Margot Böhm (Nordfriesland)

Was findest Du in der Diskussion um das Grundeinkommen am spannendsten?

Ich habe zum ersten Mal 2006 von der Idee des Grundeinkommens gehört: als meine Tochter es sich in der Schule für ihre Facharbeit ausgesucht hat. Seitdem fasziniert mich die Idee.
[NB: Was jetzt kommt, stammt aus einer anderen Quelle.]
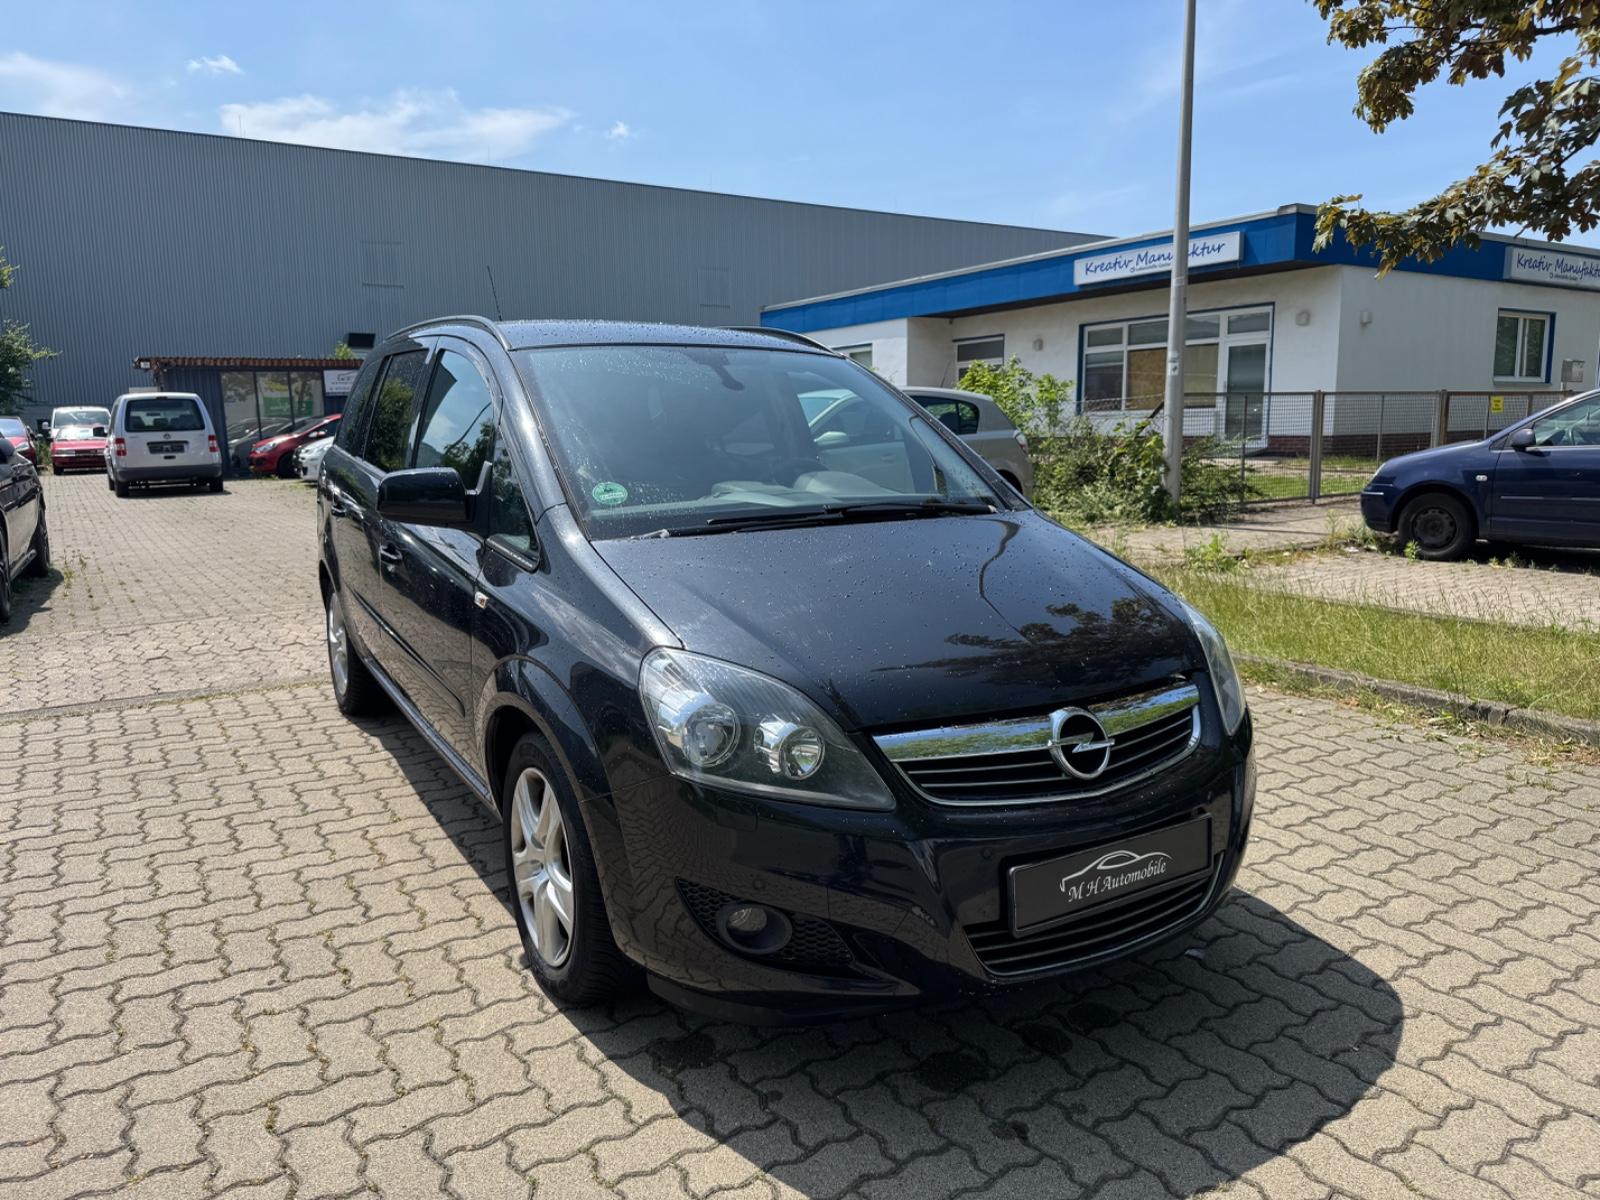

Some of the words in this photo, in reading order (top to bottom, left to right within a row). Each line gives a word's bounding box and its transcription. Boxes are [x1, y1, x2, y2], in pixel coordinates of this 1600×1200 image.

Für mich steht die Idee für Vertrauen in den Menschen und Menschenfreundlichkeit, für Mut in Bezug auf ergebnisoffene Prozesse, für eine Musterunterbrechung des uns so geläufigen Miteinanders, das ausschließlich auf betriebswirtschaftlichen Vergütungsmechanismen beruht.
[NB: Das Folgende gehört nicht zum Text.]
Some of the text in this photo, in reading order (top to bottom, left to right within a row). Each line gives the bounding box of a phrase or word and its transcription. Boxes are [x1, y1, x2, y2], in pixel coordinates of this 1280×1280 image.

Im Laufe meiner beruflichen Tätigkeit als Coach und Unternehmensberaterin hat sich für mich die These bewahrheitet, dass wir „Mündigkeit“ nur erreichen können, wenn wir sie voraussetzen. Meine Hypothese in Sachen Grundeinkommen ist, dass die allermeisten Menschen ihr Leben und auch die Gesellschaft im Rahmen ihrer jeweiligen Möglichkeiten gestalten wollen, wenn sie auf Augenhöhe wahrgenommen werden und ihre Existenz gesichert ist. Dass sich das positiv auf die Gesundheit und auf Bildung auswirkt, haben die bisherigen Versuche ja schon gezeigt. So wird es sich auch auf die Stimmung der Menschen in der Umgebung auswirken und zu einem guten Leben für alle beitragen. Besonders die Menschen, die unbezahlte Care-Arbeit leisten, können endlich aufatmen. Stigmatisierungen nehmen ab. Wir werden kreative Innovationsschübe jenseits des Profitsektors erleben.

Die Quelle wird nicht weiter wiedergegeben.